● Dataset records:
——

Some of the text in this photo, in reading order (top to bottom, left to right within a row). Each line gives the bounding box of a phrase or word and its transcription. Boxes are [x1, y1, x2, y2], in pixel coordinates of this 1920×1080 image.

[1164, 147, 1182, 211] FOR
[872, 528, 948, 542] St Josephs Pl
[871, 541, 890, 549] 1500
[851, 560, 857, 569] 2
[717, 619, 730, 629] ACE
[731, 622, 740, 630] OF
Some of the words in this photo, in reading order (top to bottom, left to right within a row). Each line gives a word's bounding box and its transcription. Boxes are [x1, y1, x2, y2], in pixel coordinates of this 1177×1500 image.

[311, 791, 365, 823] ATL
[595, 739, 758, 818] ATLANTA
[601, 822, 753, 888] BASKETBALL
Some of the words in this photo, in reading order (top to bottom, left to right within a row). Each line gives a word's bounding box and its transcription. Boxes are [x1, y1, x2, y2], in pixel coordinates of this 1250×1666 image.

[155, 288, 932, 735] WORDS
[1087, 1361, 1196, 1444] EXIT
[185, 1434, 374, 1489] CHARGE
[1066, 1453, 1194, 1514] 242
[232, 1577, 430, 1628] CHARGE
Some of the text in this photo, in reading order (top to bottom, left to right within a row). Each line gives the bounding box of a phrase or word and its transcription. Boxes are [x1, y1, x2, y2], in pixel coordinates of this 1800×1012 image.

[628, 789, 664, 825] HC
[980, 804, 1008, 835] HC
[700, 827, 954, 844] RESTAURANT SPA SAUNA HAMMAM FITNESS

——

What is needed is an exact transcription of every entry above.

Some of the text in this photo, in reading order (top to bottom, left to right within a row). Each line gives the bounding box of a phrase or word and its transcription. Boxes are [x1, y1, x2, y2], in pixel coordinates of this 1920×1080 image.

[1164, 147, 1182, 211] FOR
[872, 528, 948, 542] St Josephs Pl
[871, 541, 890, 549] 1500
[851, 560, 857, 569] 2
[717, 619, 730, 629] ACE
[731, 622, 740, 630] OF
Some of the words in this photo, in reading order (top to bottom, left to right within a row). Each line gives a word's bounding box and its transcription. Boxes are [x1, y1, x2, y2], in pixel coordinates of this 1177×1500 image.

[311, 791, 365, 823] ATL
[595, 739, 758, 818] ATLANTA
[601, 822, 753, 888] BASKETBALL
Some of the words in this photo, in reading order (top to bottom, left to right within a row). Each line gives a word's bounding box and its transcription. Boxes are [x1, y1, x2, y2], in pixel coordinates of this 1250×1666 image.

[155, 288, 932, 735] WORDS
[1087, 1361, 1196, 1444] EXIT
[185, 1434, 374, 1489] CHARGE
[1066, 1453, 1194, 1514] 242
[232, 1577, 430, 1628] CHARGE
Some of the text in this photo, in reading order (top to bottom, left to right within a row). Each line gives the bounding box of a phrase or word and its transcription. Boxes are [x1, y1, x2, y2], in pixel coordinates of this 1800×1012 image.

[628, 789, 664, 825] HC
[980, 804, 1008, 835] HC
[700, 827, 954, 844] RESTAURANT SPA SAUNA HAMMAM FITNESS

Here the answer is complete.